Neuberg nos recuerda las cinco reglas de Marx sobre el arte de la insurrección:

a) No jugar nunca con la insurrección, que una vez empezada debe ser llevada hasta el fin.
b) Ser superior al enemigo en el momento y en el punto decisivo.
c) Mantener siempre la ofensiva, porque la defensiva es la derrota.
d) Sorprender al enemigo, cogerlo disperso y desunido.
e) Mantener la superioridad moral logrando victorias todos los días, aunque sean pequeñas.

Y añade que Marx asume la enseñanza fundamental de Dantón: “¡Audacia, más audacia, siempre audacia!”. Salvando todas las distancias, las personas o colectivos que inician una lucha por sus derechos van aprendiendo, empíricamente la mayoría de las veces, que cuanto más decisiva y trascendente es esa lucha menos se puede jugar con ella, sino que hay que llevarla hasta el final; que debe empezarla cuando la ha preparado suficientemente; que no debe perder nunca la dirección hacia su objetivo; que debe dividir al enemigo, y que ha de mantener la moral de lucha arrancando conquistas parciales por pequeñas que fueran.

Estas reglas básicas son también válidas para cualquier lucha reivindicativa, incluso individual, porque resumen la experiencia histórica de la lucha como proceso que tiende a su radicalización definitiva en el momento definitivo, el de la conquista de la libertad, es decir, del poder y de la independencia, en el nivel de que se trate. No hace falta, ni se tiene por qué, reducirlas únicamente a los excepcionales momentos de la insurrección armada. En sus contextos específicos, son válidas aunque los objetivos buscados sean bastante menos importantes a escala histórica general. Son válidas aunque no se quiera aplicar ninguna violencia, sino desarrollar la lucha mediante la desobediencia civil, la no violencia activa, la desobediencia personal o de masas, etc. La validez de estas reglas queda confirmada leyendo el apartado del libro de Neuberg titulado: “La sorpresa y el elemento ‘tiempo’ en el comienzo de la insurrección”. Escoger el inicio de cualquier movilización; prepararla con suficiente sigilo y efectividad para impedir las maniobras y contramedidas del poder opresor; preveer las respuestas del poder opresor y anularlas en la medida de lo posible; iniciar la movilización cuando los puntos anteriores, y otros más, ya han sido alcanzados; mantener siempre el control del tiempo e impedir que lo haga el enemigo, estas medidas son necesarias para cualquier lucha colectiva o individual, sea pacífica y no violenta, o de desobediencia activa o pasiva, o de mera acción parlamentaria en apoyo a movilizaciones de masas en la calle.
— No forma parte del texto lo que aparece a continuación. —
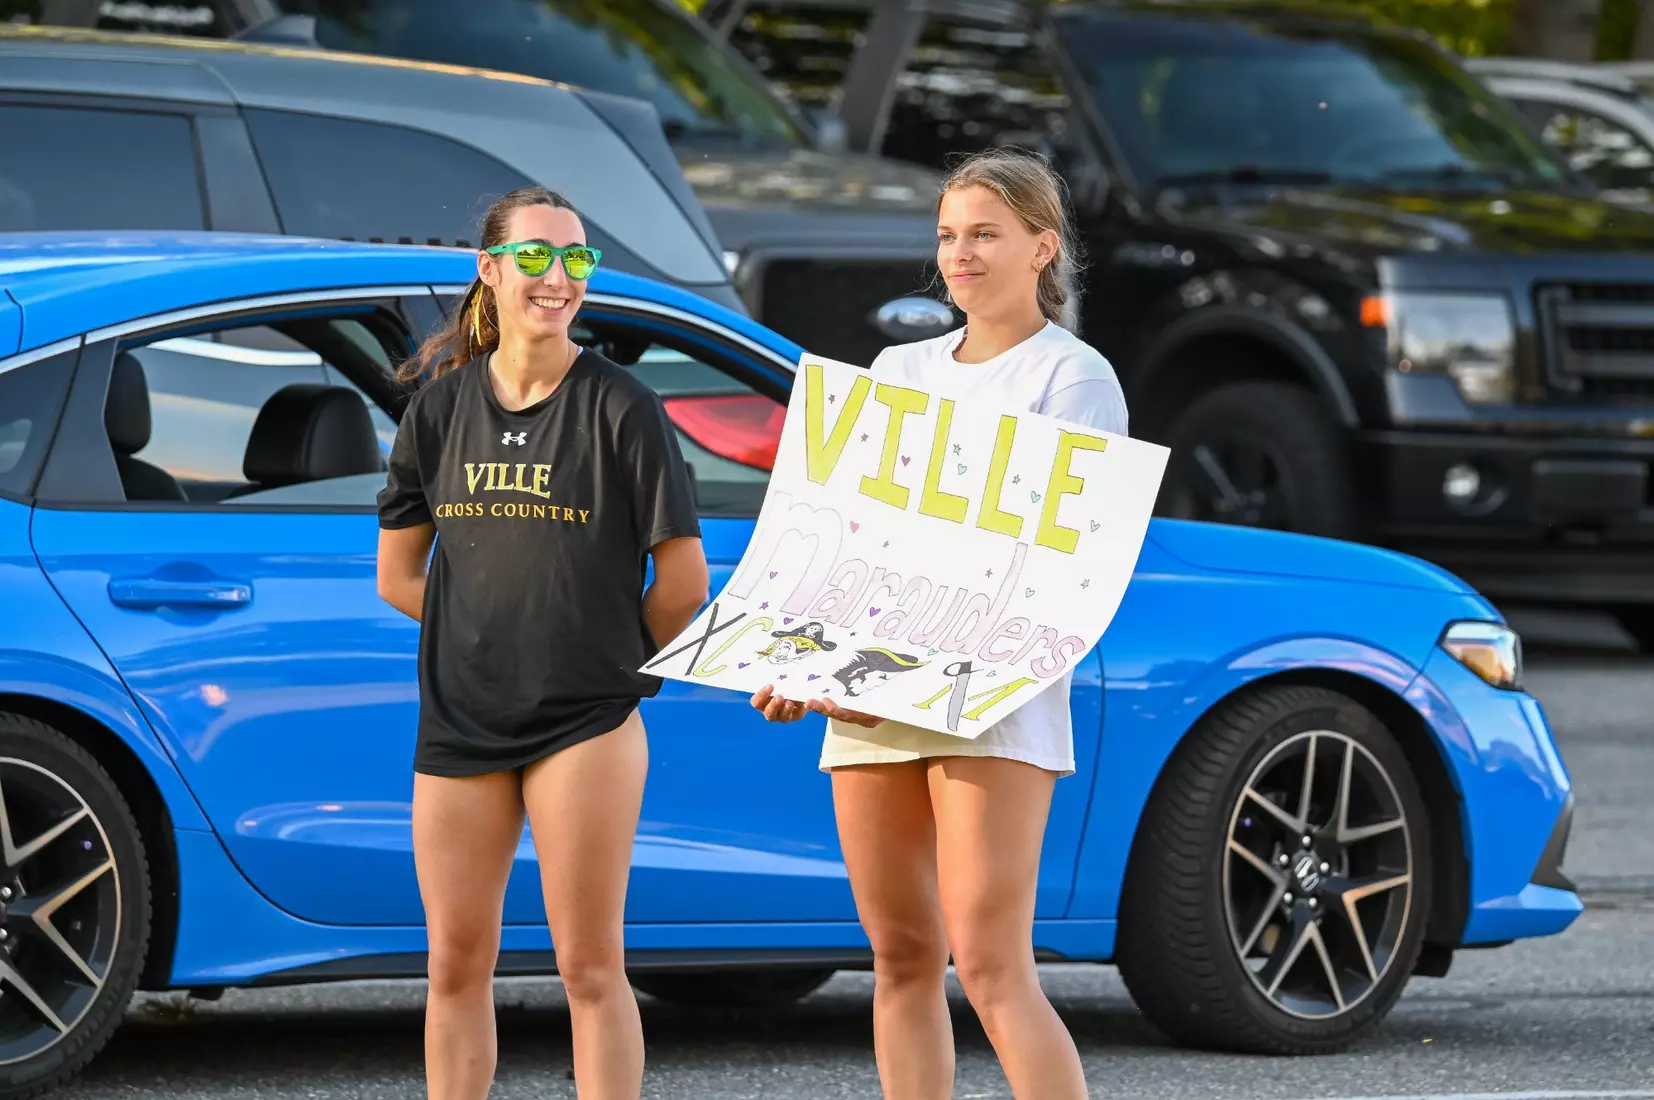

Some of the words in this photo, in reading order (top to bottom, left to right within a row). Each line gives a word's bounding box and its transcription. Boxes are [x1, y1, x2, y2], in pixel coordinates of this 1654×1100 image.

Sin entrar ahora al debate estratégico sobre la violencia y el derecho inalienable a la rebelión, sí insistimos en que son reflexiones urgentes y necesarias ante la multiplicación exponencial de leyes represivas que desde multas hasta la cárcel, pasando por embargos, malos tratos y pérdidas de derechos burgueses, golpean cada día más a cualquier pequeño colectivo que se atreve a hacer un “escrache” u otra forma pacífica de ejercicio democrático. Pero no sólo se trata de preveer la represión, sino fundamentalmente de aumentar la eficacia organizativa y la efectividad política de la militancia. Desde esta perspectiva, la única válida, debemos actualizar para la complejidad del presente las reglas básicas de la insurrección sintetizadas por Marx y adecuadas parcialmente por Neuberg para el contexto de la década de 1920-1930 y para aquella orientación política, sabiendo que el imperialismo también ha estudiado a Marx y a Neuberg, y ha desarrollado contrainsurgencias acordes a los tiempos.

Como vemos y como hemos dicho al inicio, en Neuberg sí existe una teoría profunda, amplia y abarcadora sobre la praxis insurreccional que desborda con su potencial al estricto momento del asalto armado al poder capitalista. Ese método teórico más extenso y rico en relaciones con otras problemáticas sociales también insertas en la praxis insurrecionalista global, es el que está demostrando su enorme efectividad liberadora conforme el imperialismo se convulsiona en su crisis actual. Carecemos aquí de espacio para extendernos con el detalle necesario en todas sus ramificaciones.